▸ **Supplied material**:
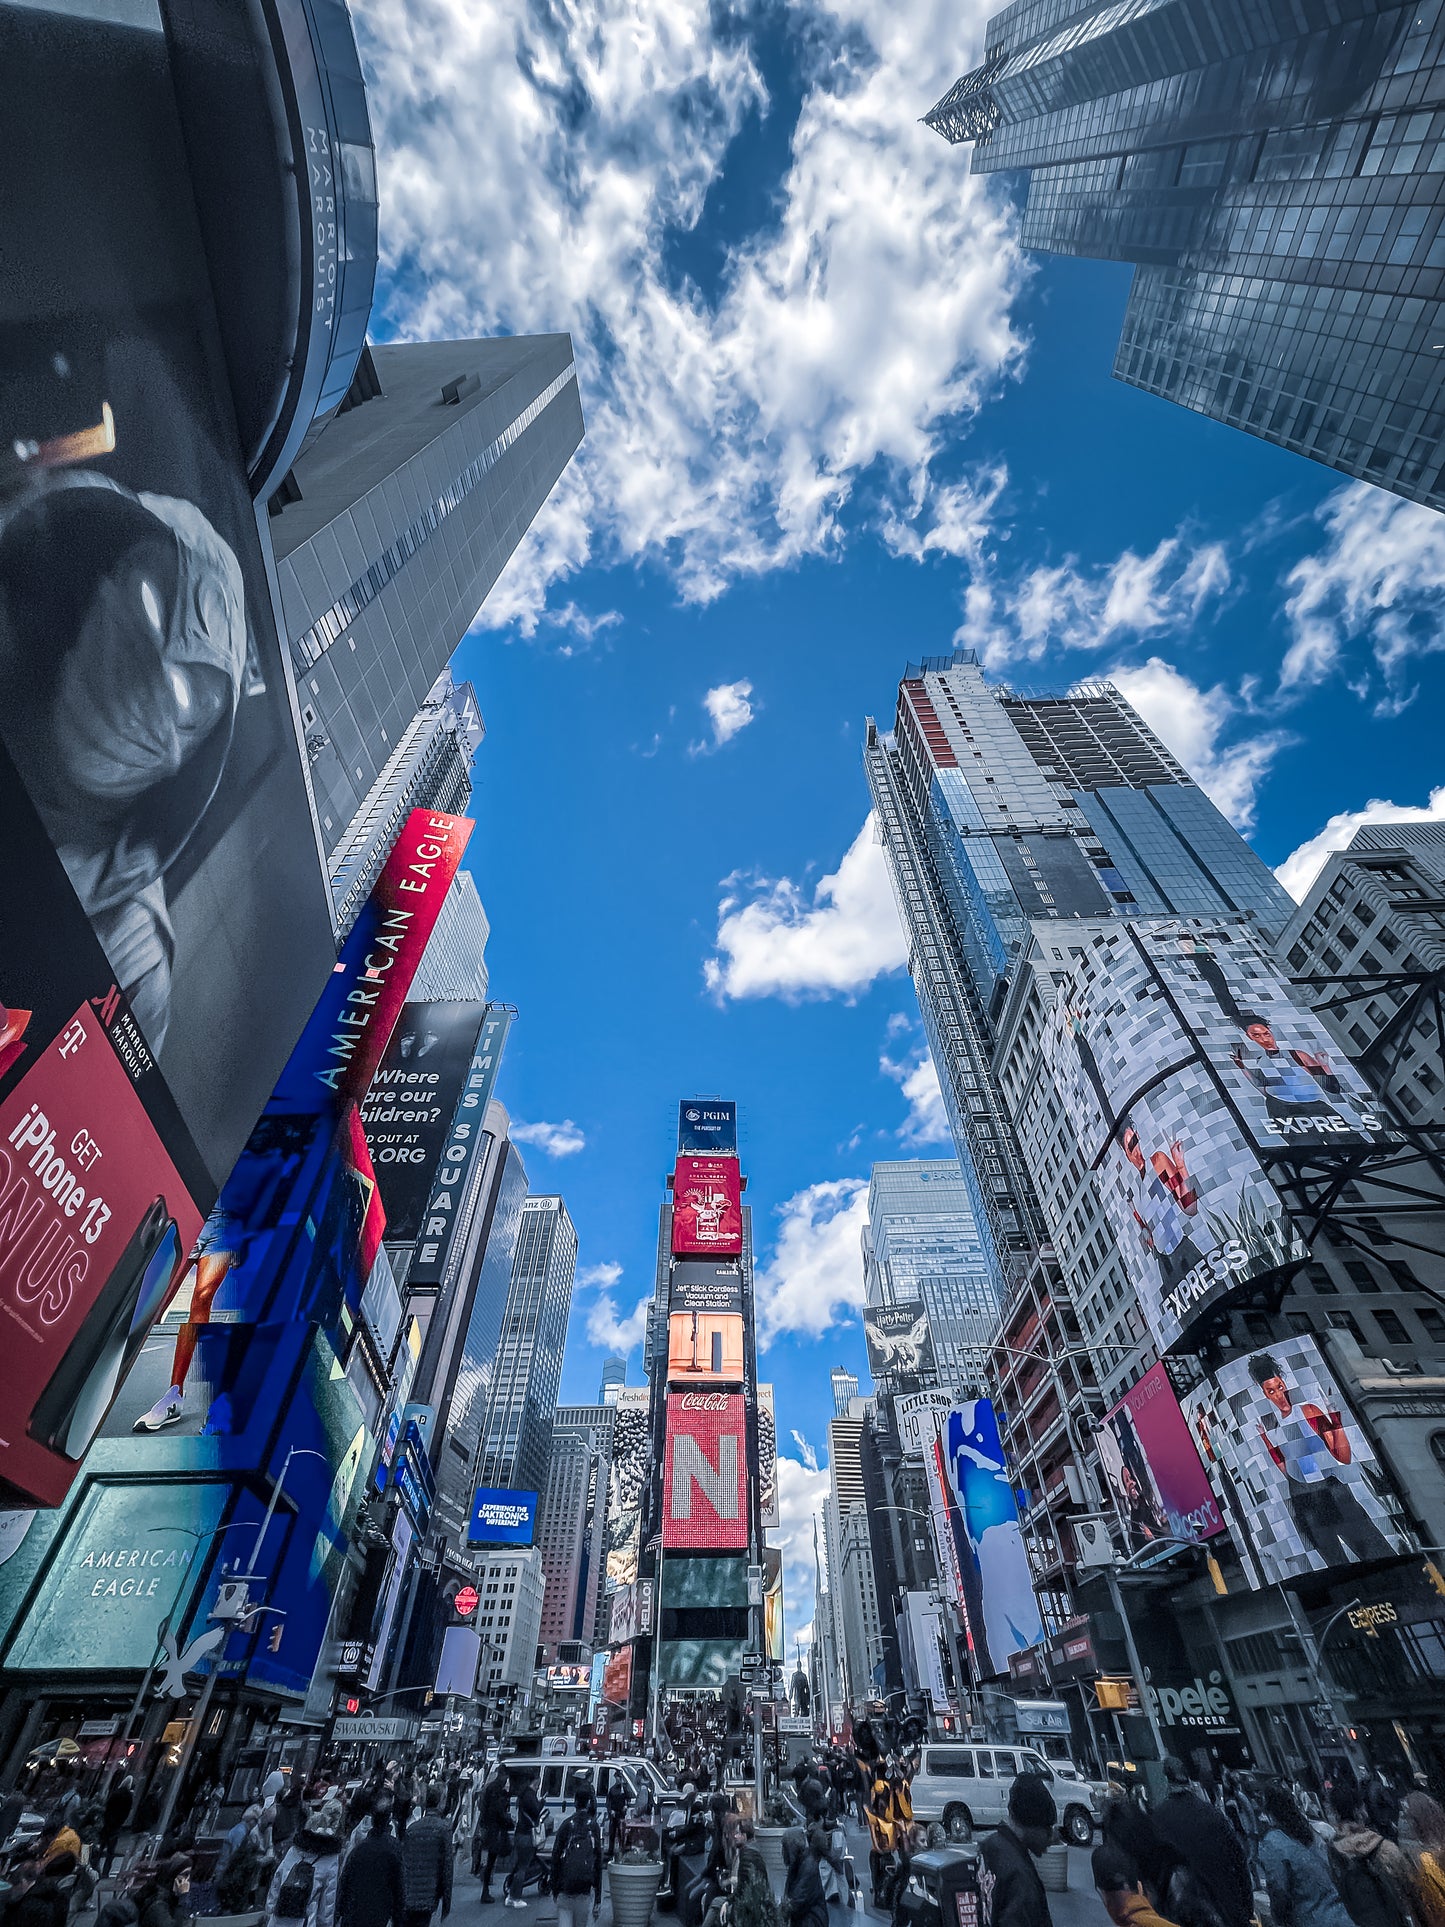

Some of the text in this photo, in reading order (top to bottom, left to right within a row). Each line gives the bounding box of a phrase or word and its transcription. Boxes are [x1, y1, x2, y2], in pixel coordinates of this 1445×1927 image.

[306, 126, 325, 312] MARQUIS
[318, 128, 336, 331] MARRIOTT
[312, 816, 455, 1090] AMERICAN EAGLE
[112, 1025, 143, 1078] MARQUIS
[121, 1013, 153, 1071] MARRIOTT
[373, 1070, 440, 1084] Where
[364, 1091, 437, 1103] are our
[703, 1111, 730, 1121] PGIM
[1260, 1113, 1383, 1135] EXPRESS
[377, 1134, 403, 1143] OUT
[404, 1134, 420, 1143] AT
[418, 1021, 500, 1263] TIMES SQUARE
[70, 1128, 103, 1172] GET
[8, 1103, 112, 1244] iPhone 13
[16, 1218, 89, 1325] US
[1160, 1239, 1249, 1321] EXPRESS
[685, 1292, 714, 1300] Vacuum
[690, 1284, 708, 1292] Stick
[708, 1285, 739, 1293] Cordless
[876, 1312, 895, 1329] Harry
[894, 1311, 914, 1325] Potter
[901, 1393, 952, 1415] LITTLE SHOP
[671, 1434, 739, 1519] N
[478, 1510, 529, 1521] DAKTRONICS
[482, 1503, 528, 1513] EXPERIENCE THE
[486, 1518, 519, 1527] DIFFERENCE
[79, 1549, 193, 1597] AMERICAN EAGLE
[334, 1722, 396, 1735] SWAROVSKI
[1181, 1716, 1227, 1726] SOCCER
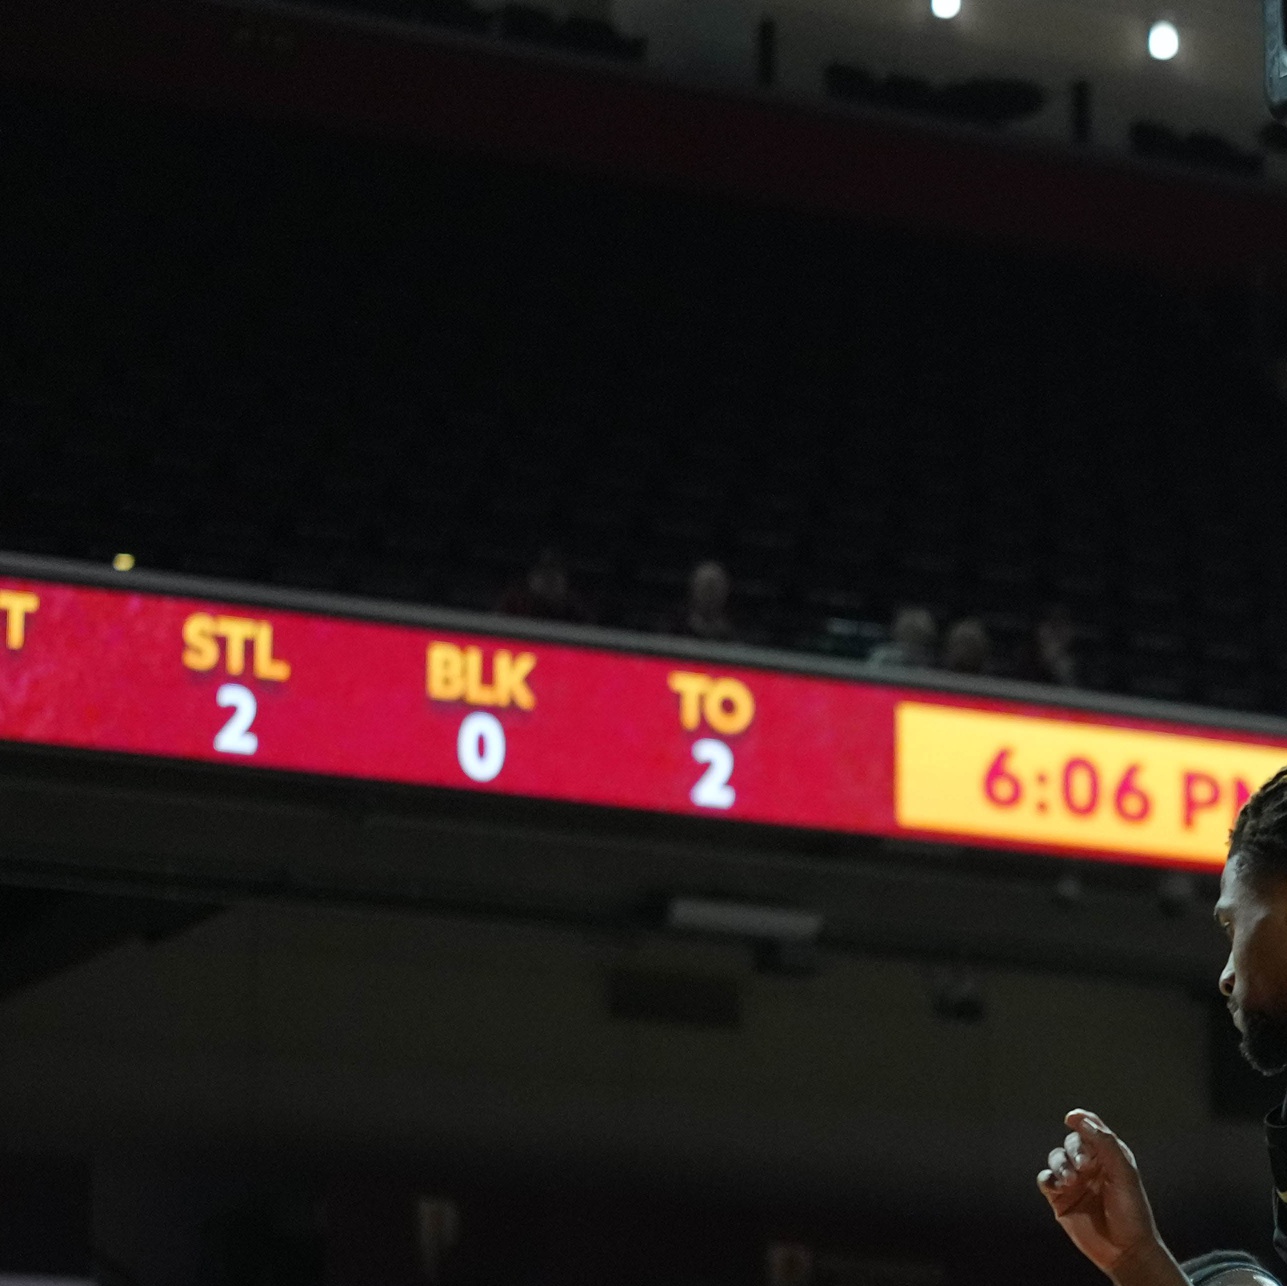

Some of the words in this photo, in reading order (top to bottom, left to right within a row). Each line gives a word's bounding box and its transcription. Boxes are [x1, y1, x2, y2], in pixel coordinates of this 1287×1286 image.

[182, 614, 291, 682] STL
[427, 641, 537, 710] BLK
[668, 670, 756, 736] TO
[213, 683, 259, 755] 2
[457, 711, 507, 782] 0
[690, 737, 737, 809] 2
[981, 746, 1152, 825] 6:06
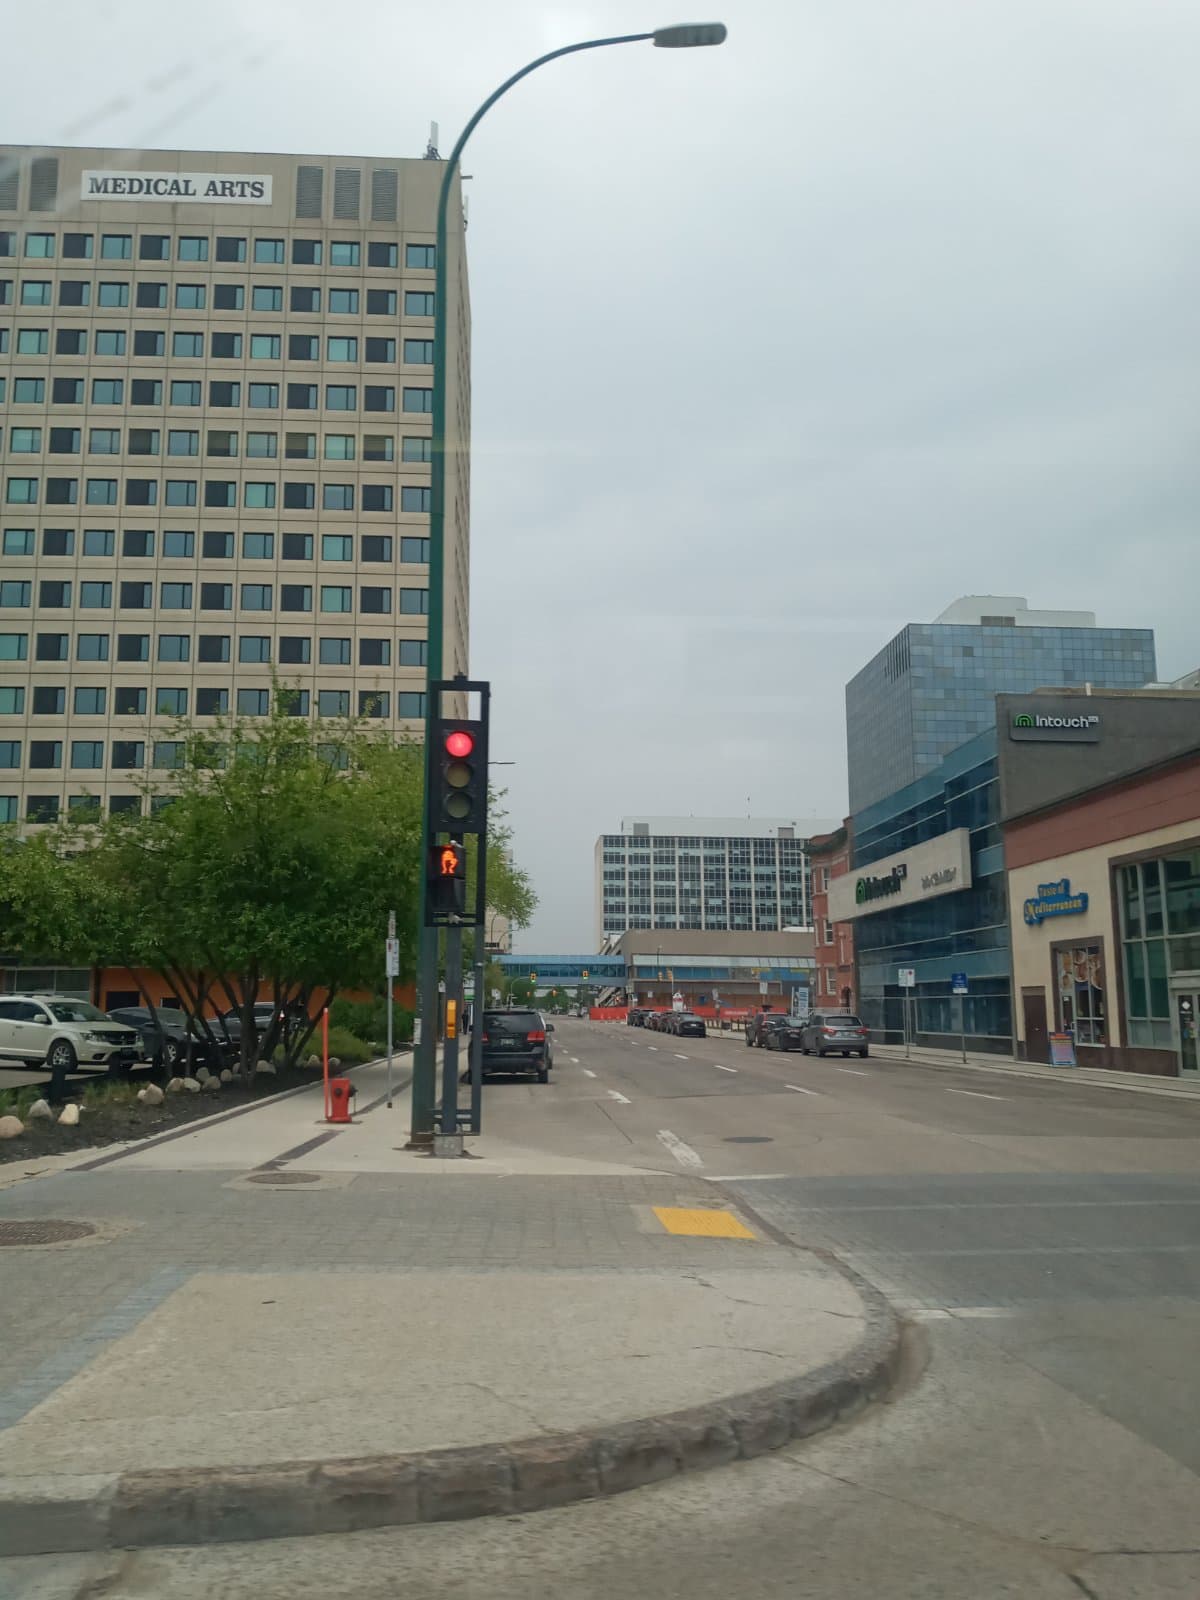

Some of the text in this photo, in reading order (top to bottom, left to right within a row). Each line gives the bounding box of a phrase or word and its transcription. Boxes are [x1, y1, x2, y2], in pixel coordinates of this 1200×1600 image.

▸ **What the task asks**:
The copy must match each record exactly, apart from the images, which stay out.

▸ **Response for this exercise**:
Some of the text in this photo, in reading order (top to bottom, left to right within a row). Each line gives the bounding box of a phrase or word and its transcription. Boxes are [x1, y1, x2, y2], in pixel coordinates of this 1445×1927 image.

[306, 126, 325, 312] MARQUIS
[318, 128, 336, 331] MARRIOTT
[312, 816, 455, 1090] AMERICAN EAGLE
[112, 1025, 143, 1078] MARQUIS
[121, 1013, 153, 1071] MARRIOTT
[373, 1070, 440, 1084] Where
[364, 1091, 437, 1103] are our
[703, 1111, 730, 1121] PGIM
[1260, 1113, 1383, 1135] EXPRESS
[377, 1134, 403, 1143] OUT
[404, 1134, 420, 1143] AT
[418, 1021, 500, 1263] TIMES SQUARE
[70, 1128, 103, 1172] GET
[8, 1103, 112, 1244] iPhone 13
[16, 1218, 89, 1325] US
[1160, 1239, 1249, 1321] EXPRESS
[685, 1292, 714, 1300] Vacuum
[690, 1284, 708, 1292] Stick
[708, 1285, 739, 1293] Cordless
[876, 1312, 895, 1329] Harry
[894, 1311, 914, 1325] Potter
[901, 1393, 952, 1415] LITTLE SHOP
[671, 1434, 739, 1519] N
[478, 1510, 529, 1521] DAKTRONICS
[482, 1503, 528, 1513] EXPERIENCE THE
[486, 1518, 519, 1527] DIFFERENCE
[79, 1549, 193, 1597] AMERICAN EAGLE
[334, 1722, 396, 1735] SWAROVSKI
[1181, 1716, 1227, 1726] SOCCER

Some of the words in this photo, in reading order (top to bottom, left to right within a row). Each line gives a word's bounding box and its transcription. Boxes are [x1, y1, x2, y2], in pixel coordinates of this 1287×1286 image.

[182, 614, 291, 682] STL
[427, 641, 537, 710] BLK
[668, 670, 756, 736] TO
[213, 683, 259, 755] 2
[457, 711, 507, 782] 0
[690, 737, 737, 809] 2
[981, 746, 1152, 825] 6:06

Some of the text in this photo, in reading order (top to bottom, left to right within a row). Each line gives the bounding box of a phrase or word and its transcription. Boxes are [x1, y1, x2, y2], in pixel coordinates of this 1200×1600 image.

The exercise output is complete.